Temps de lecture : 4 min
-
Ajouter à mes favoris
L'article a été ajouté à vos favoris
- Google News
Lecture audio réservée aux abonnés
Le 8 décembre 1980, la nouvelle endeuille le monde entier : planté devant l'imposant immeuble Dakota, dans Central Park à New York, un fan vient d'abattre de sang-froid John Lennon de cinq coups de revolver. Stupeur et consternation. L'assassin, Mark David Chapman, n'a rien à reprocher à l'ex-Beatles, sinon sa célébrité qu'il envie au point de l'assassiner sans autre mobile apparent.
La mort brutale de l'icône de la paix, auteur avec le Plastic Ono Band de l'hymne mondial Give Peace a Chance, fait l'effet d'un électrochoc. Comment expliquer l'inexplicable, le geste gratuit et irrationnel d'un homme ordinaire qui porte sur lui un revolver et un exemplaire de L'Attrape-cœurs de Salinger ? Il n'a pas le profil habituel du tueur et déstabilise la police, la justice et la presse. Ce que montre parfaitement la série documentaire en trois parties de Nick Holt et Rob Coldstream, John Lennon : un homicide sans procès, disponible ce mercredi sur Apple TV+.
Kiefer Sutherland prête sa voix au récit de ce fait divers pas comme les autres, au fil duquel apparaissent des témoins de l'époque : le concierge et le portier du Dakota qui racontent avoir remarqué un homme au comportement bizarre posté ce jour-là devant l'immeuble, l'arrivée à 22 h 48 de la limousine de John et Yoko rentrant d'une session d'enregistrement, les cinq coups de feu tirés dans le dos de l'ex-Beatles et son corps ensanglanté agonisant sur le sol.
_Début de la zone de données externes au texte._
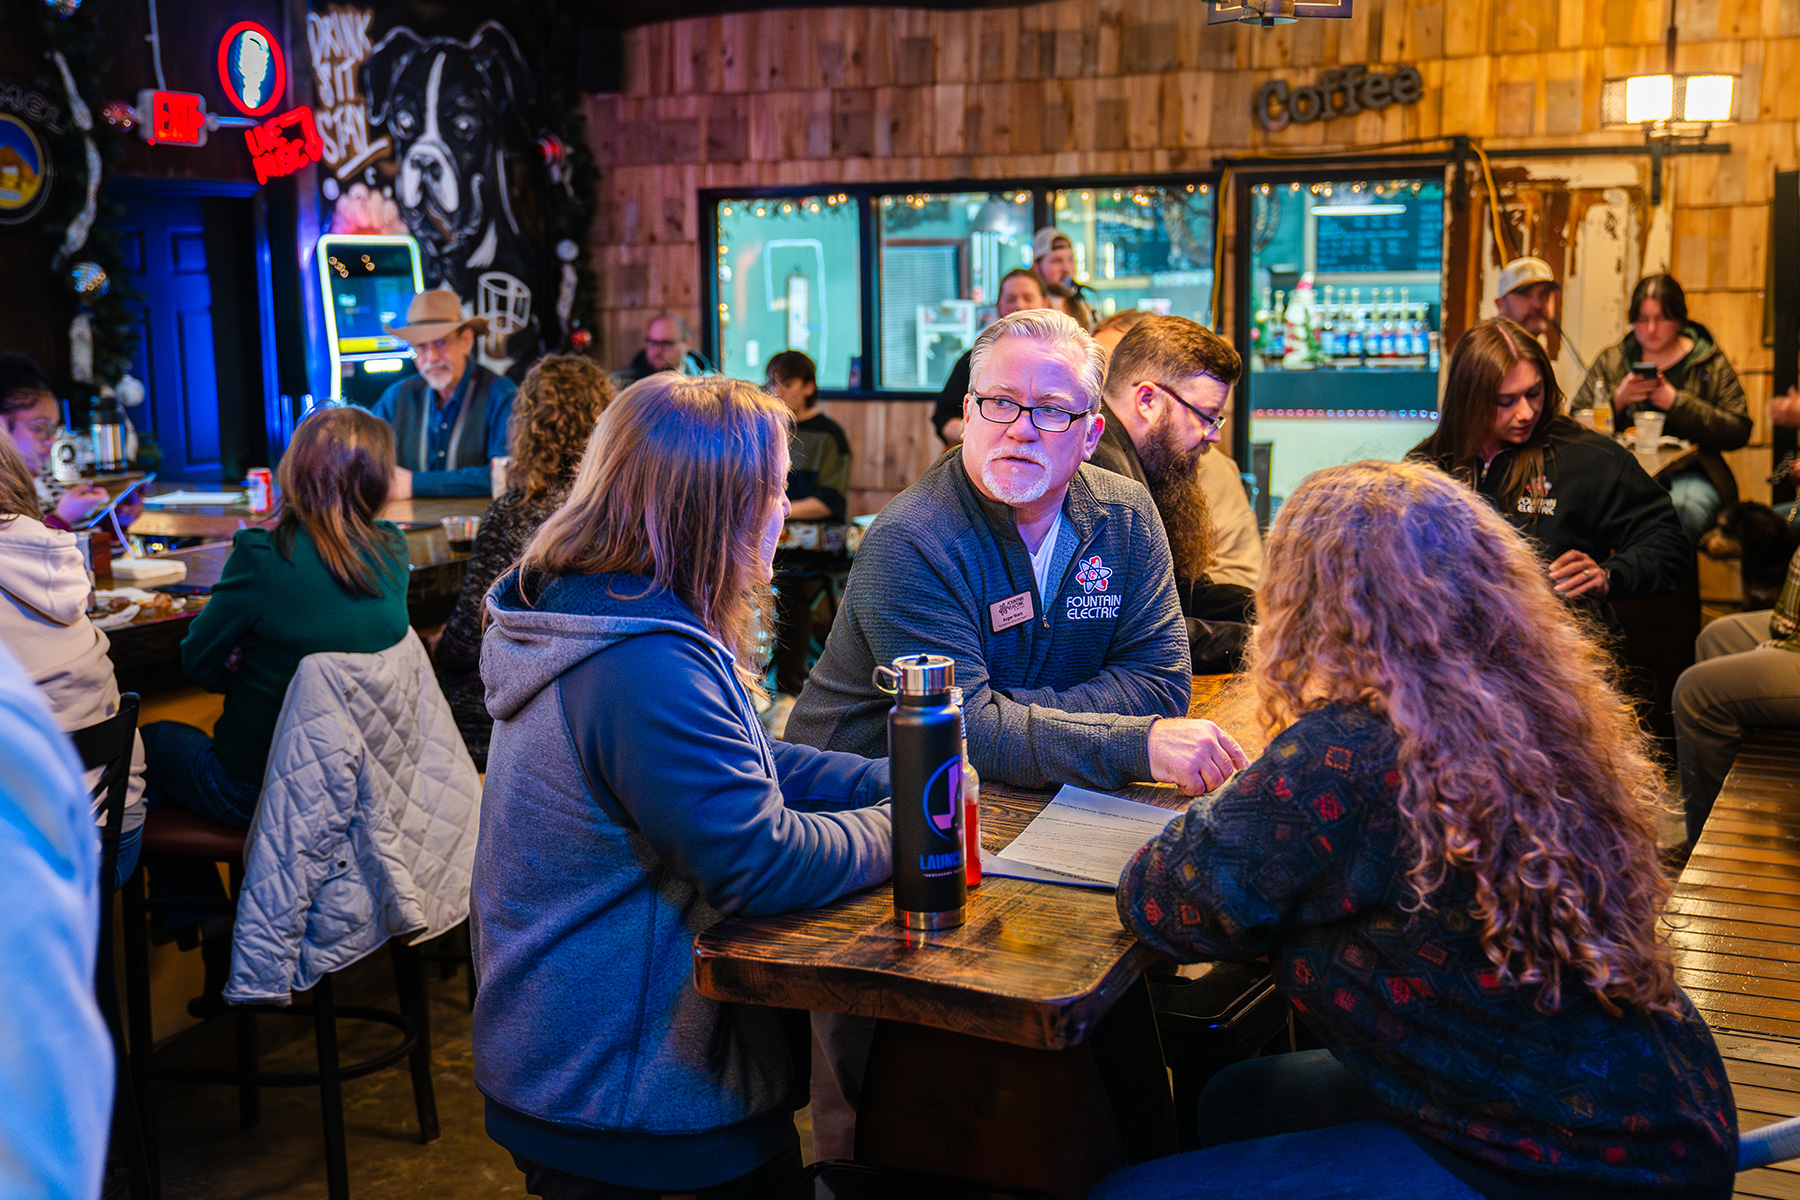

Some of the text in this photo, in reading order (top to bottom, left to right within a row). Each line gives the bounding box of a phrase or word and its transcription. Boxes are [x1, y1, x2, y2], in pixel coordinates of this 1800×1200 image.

Un chauffeur de taxi a assisté à la scène depuis son véhicule, imaginant le tournage d'un film avant de s'apercevoir qu'il n'y avait ni projecteurs ni caméras. Il voit un homme avec un revolver dans la main, « calme comme un concombre », cueilli par un officier de police qui lui passe les menottes sans résistance. Ce dernier, Peter Cullen, n'a jamais vu un prévenu pareil : dans la voiture qui l'emmène au poste de police, il s'excuse en lui déclarant : « Désolé, je crois que j'ai ruiné votre nuit. »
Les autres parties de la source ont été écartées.